** Opening RECORDS FOR THIS EXERCISE block **

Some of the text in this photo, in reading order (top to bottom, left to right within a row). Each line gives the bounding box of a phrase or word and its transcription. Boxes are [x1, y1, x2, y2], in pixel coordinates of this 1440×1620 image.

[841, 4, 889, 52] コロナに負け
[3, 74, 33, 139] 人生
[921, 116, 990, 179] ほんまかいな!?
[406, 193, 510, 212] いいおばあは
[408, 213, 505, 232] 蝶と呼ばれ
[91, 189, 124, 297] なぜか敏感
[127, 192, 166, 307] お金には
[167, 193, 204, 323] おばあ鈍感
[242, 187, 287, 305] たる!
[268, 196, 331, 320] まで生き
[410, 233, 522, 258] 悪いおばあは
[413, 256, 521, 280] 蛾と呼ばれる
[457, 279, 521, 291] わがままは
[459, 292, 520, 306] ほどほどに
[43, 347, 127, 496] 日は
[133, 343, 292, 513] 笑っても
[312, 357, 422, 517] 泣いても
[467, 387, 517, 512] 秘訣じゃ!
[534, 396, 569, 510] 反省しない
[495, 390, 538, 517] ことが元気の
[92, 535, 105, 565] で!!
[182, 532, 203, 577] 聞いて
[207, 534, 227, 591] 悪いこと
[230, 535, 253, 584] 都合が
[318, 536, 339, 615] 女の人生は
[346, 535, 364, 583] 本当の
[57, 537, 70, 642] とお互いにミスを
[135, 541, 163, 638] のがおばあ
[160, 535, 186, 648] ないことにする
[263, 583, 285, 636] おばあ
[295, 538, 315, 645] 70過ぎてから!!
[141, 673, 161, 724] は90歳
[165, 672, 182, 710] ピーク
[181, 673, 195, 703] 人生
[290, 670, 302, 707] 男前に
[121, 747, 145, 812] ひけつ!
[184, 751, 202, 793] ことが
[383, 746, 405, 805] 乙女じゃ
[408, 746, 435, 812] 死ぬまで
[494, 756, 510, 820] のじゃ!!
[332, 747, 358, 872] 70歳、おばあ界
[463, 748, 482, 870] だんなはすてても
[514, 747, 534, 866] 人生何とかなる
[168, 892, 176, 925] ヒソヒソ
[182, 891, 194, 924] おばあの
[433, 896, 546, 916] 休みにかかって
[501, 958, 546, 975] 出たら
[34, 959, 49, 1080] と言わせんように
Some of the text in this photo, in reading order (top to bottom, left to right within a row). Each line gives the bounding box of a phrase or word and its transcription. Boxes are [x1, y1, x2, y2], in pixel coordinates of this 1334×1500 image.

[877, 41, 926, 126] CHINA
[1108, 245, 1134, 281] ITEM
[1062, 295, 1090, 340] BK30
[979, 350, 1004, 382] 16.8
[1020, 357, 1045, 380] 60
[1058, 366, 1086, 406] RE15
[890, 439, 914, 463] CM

** Closing RECORDS FOR THIS EXERCISE block **

### WHAT THE EXERCISE ASKS:
Please transcribe all of the data above exactly.

### FINISHED TASK:
Some of the text in this photo, in reading order (top to bottom, left to right within a row). Each line gives the bounding box of a phrase or word and its transcription. Boxes are [x1, y1, x2, y2], in pixel coordinates of this 1440×1620 image.

[841, 4, 889, 52] コロナに負け
[3, 74, 33, 139] 人生
[921, 116, 990, 179] ほんまかいな!?
[406, 193, 510, 212] いいおばあは
[408, 213, 505, 232] 蝶と呼ばれ
[91, 189, 124, 297] なぜか敏感
[127, 192, 166, 307] お金には
[167, 193, 204, 323] おばあ鈍感
[242, 187, 287, 305] たる!
[268, 196, 331, 320] まで生き
[410, 233, 522, 258] 悪いおばあは
[413, 256, 521, 280] 蛾と呼ばれる
[457, 279, 521, 291] わがままは
[459, 292, 520, 306] ほどほどに
[43, 347, 127, 496] 日は
[133, 343, 292, 513] 笑っても
[312, 357, 422, 517] 泣いても
[467, 387, 517, 512] 秘訣じゃ!
[534, 396, 569, 510] 反省しない
[495, 390, 538, 517] ことが元気の
[92, 535, 105, 565] で!!
[182, 532, 203, 577] 聞いて
[207, 534, 227, 591] 悪いこと
[230, 535, 253, 584] 都合が
[318, 536, 339, 615] 女の人生は
[346, 535, 364, 583] 本当の
[57, 537, 70, 642] とお互いにミスを
[135, 541, 163, 638] のがおばあ
[160, 535, 186, 648] ないことにする
[263, 583, 285, 636] おばあ
[295, 538, 315, 645] 70過ぎてから!!
[141, 673, 161, 724] は90歳
[165, 672, 182, 710] ピーク
[181, 673, 195, 703] 人生
[290, 670, 302, 707] 男前に
[121, 747, 145, 812] ひけつ!
[184, 751, 202, 793] ことが
[383, 746, 405, 805] 乙女じゃ
[408, 746, 435, 812] 死ぬまで
[494, 756, 510, 820] のじゃ!!
[332, 747, 358, 872] 70歳、おばあ界
[463, 748, 482, 870] だんなはすてても
[514, 747, 534, 866] 人生何とかなる
[168, 892, 176, 925] ヒソヒソ
[182, 891, 194, 924] おばあの
[433, 896, 546, 916] 休みにかかって
[501, 958, 546, 975] 出たら
[34, 959, 49, 1080] と言わせんように
Some of the text in this photo, in reading order (top to bottom, left to right within a row). Each line gives the bounding box of a phrase or word and its transcription. Boxes are [x1, y1, x2, y2], in pixel coordinates of this 1334×1500 image.

[877, 41, 926, 126] CHINA
[1108, 245, 1134, 281] ITEM
[1062, 295, 1090, 340] BK30
[979, 350, 1004, 382] 16.8
[1020, 357, 1045, 380] 60
[1058, 366, 1086, 406] RE15
[890, 439, 914, 463] CM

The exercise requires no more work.